The defendant did some business on ‘open accounts.’ In doing this business it charged to the insured or to the defendant's agents procuring the business the full amount of the annual premiums. But the principal part of the defendant's business consisted of ‘financing automobile insurance accounts.’ In doing this business the defendant took from the insured under each policy ‘a note for the full amount of the premium from the date of the policy to be effective to the end of the calendar year plus a finance charge of 10%.’ Provisions ordinarily were made for an initial payment and for eight equal monthly instalment payments of the balance of the premium and the charge for financing. And the note contained a power of attorney to the payee or any holder thereof on default by the maker to cancel the policy and to collect any return premium or dividend, an assignment to the payee or any holder of the note, unless and until the obligation of the maker thereof was discharged by full payment, of the right of the maker to cancel the insurance and his right to any return premium or dividend and an authorization to the payee to ‘REPLACE THIS INSURANCE IN ANY OTHER INSurance company at his discretion.’ Compare Chamberlain v. Employers' Liability Assurance Corp., Ltd. (Mass.) 194 N. E. 310. All the insurance policies written by the defendant for the plaintiff corporation ‘included as a major part of the coverage the compulsory Massachusetts Automobile Liability Insurance.’ On or about February 21, 1931, the Commissioner of insurance of the commonwealth ‘notified the plaintiff that its surplus was not properly kept and stated that the plaintiff should withdraw from the Commonwealth’ or the commissioner would institute proceedings ‘to eject the plaintiff from said Commonwealth.’ On or about March 11, 1931, as of March 16, 1931, the plaintiff, by reason of this request of the commissioner withdrew from the commonwealth.All insurance policies written by the defendant for the plaintiff under the agency agreement were cancelled as of March 16, 1931. On May 26, 1931, the plaintiff corporation was dissolved by decree of the Supreme Court of the state of New York, on grounds which do not appear specifically in the master's report, and all its assets and affairs were transferred to the superintendent of insurance of that state. On July 30, 1931, the receiver in this commonwealth was appointed.

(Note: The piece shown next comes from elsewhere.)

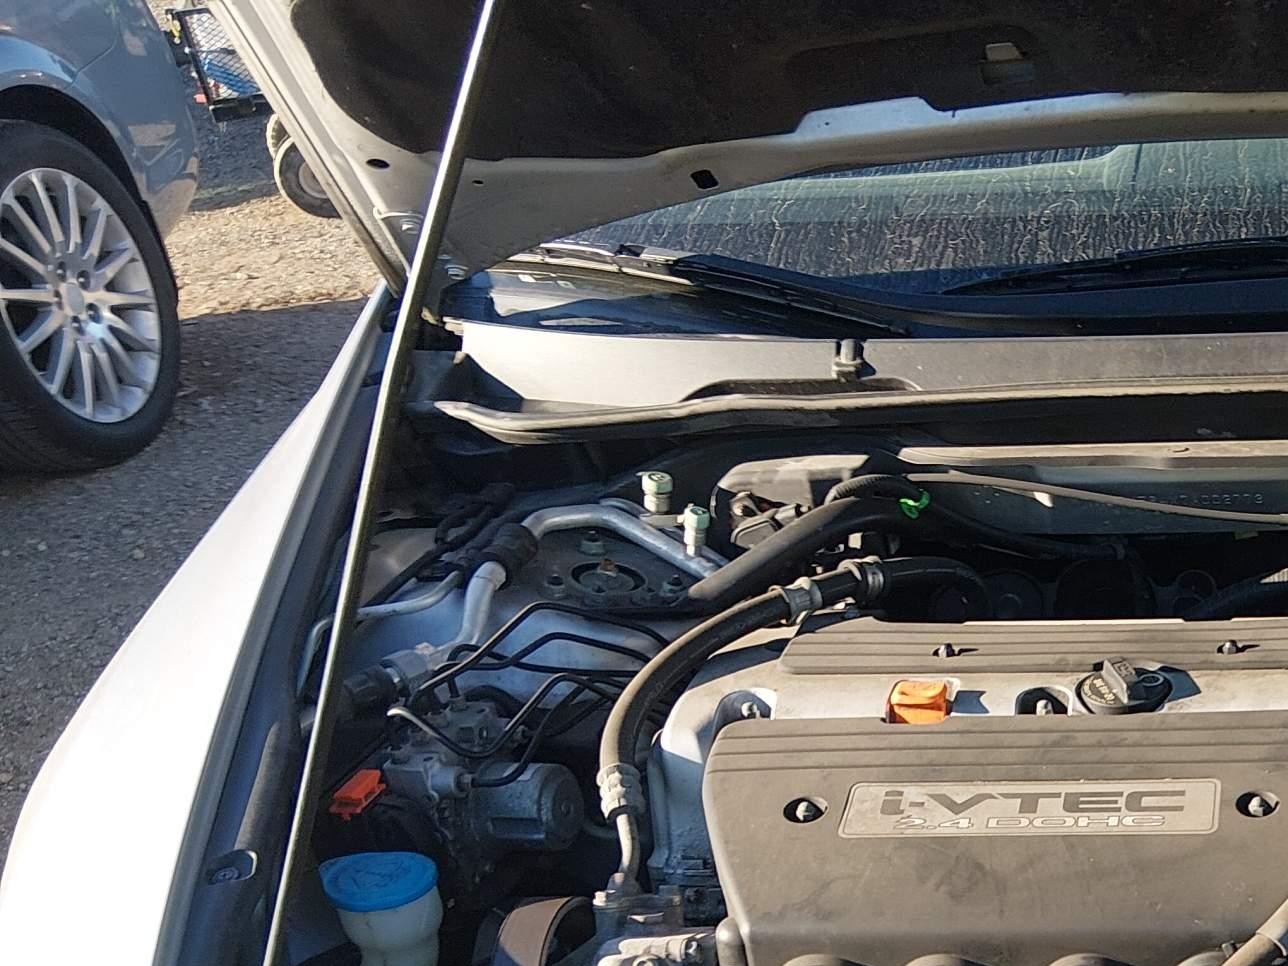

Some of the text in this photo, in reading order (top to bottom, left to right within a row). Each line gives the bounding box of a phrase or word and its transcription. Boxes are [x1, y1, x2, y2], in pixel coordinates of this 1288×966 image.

[880, 790, 1186, 816] i-VTEC
[895, 815, 1166, 830] 2.4 DOHC
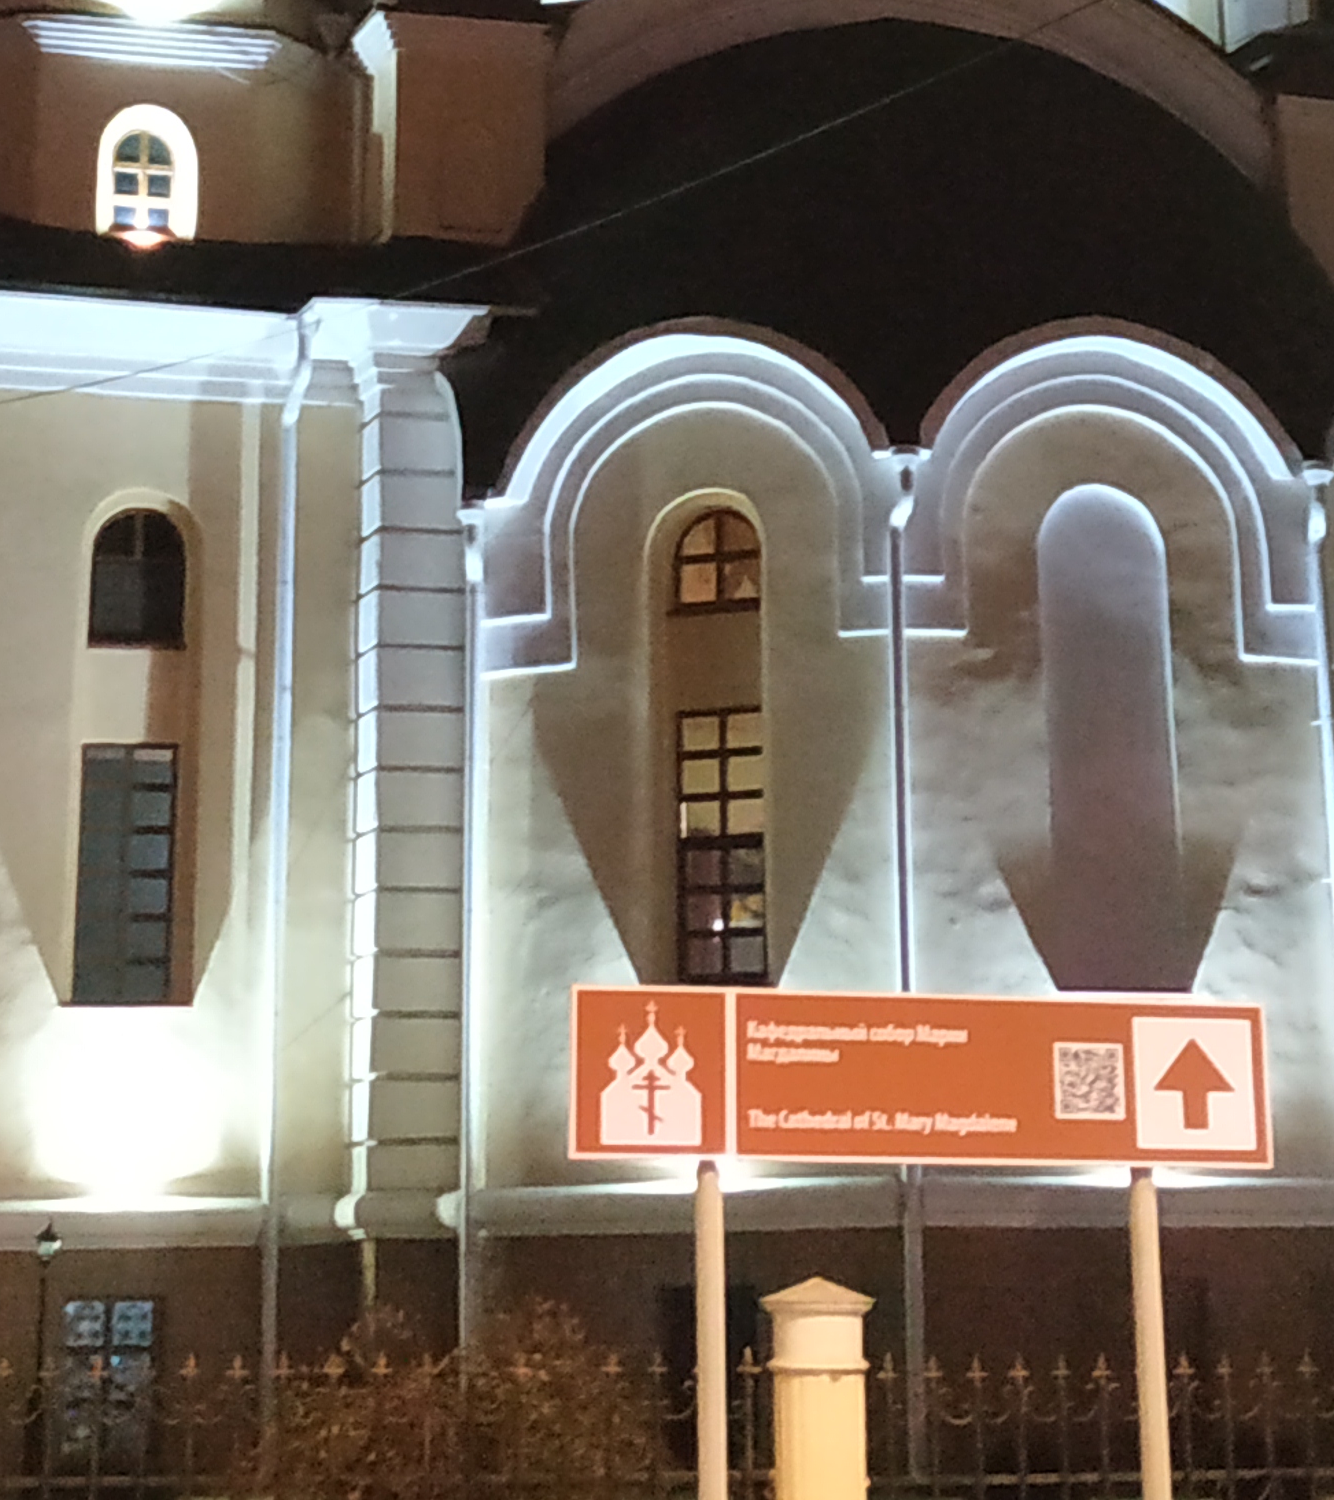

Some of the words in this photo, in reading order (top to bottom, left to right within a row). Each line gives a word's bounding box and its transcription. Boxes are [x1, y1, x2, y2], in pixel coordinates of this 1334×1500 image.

The premiums on policies of insurance written by the defendant for the plaintiff before March 11, 1931, for the periods from the dates the insurance attached to the end of the year 1931 amounted to $88,000 (including $13,000 on ‘open accounts' and $75,000 on ‘financed accounts'), and the commissions on this amount would have been $15,900. The premiums prorated to March 16, 1931, would have amounted to $14,000 and the commissions on this amount would have been $3,000. The defendant, so far as it was able, as of March 16, 1931, replaced in other companies insurance formerly with the plaintiff, but in many instances of ‘financed accounts' the persons insured refused to permit the defendant so to replace insurance. The full premiums on policies not replaced amounted to $35,000. After such replacement of insurance the defendant retained the notes above referred to and applied the amounts collected thereon and on ‘open accounts' to the payment of premiums on insurance replaced by it. The defendant collected $13,000-the full amount of the premiums-on ‘open accounts.’ It agreed before the master for the purposes of this case that the aggregate amount of premiums collected by it was $50,000. And the defendant turned over to counsel for the plaintiff at the request of the plaintiff accounts to the amount of $2,727 upon which $197 was collected by such counsel. Some of the policies not replaced may have been cancelled for failure to pay instalments to the defendant on notes or for violation of the automobile laws. But the master was unable to find the extent to which such policies were so cancelled.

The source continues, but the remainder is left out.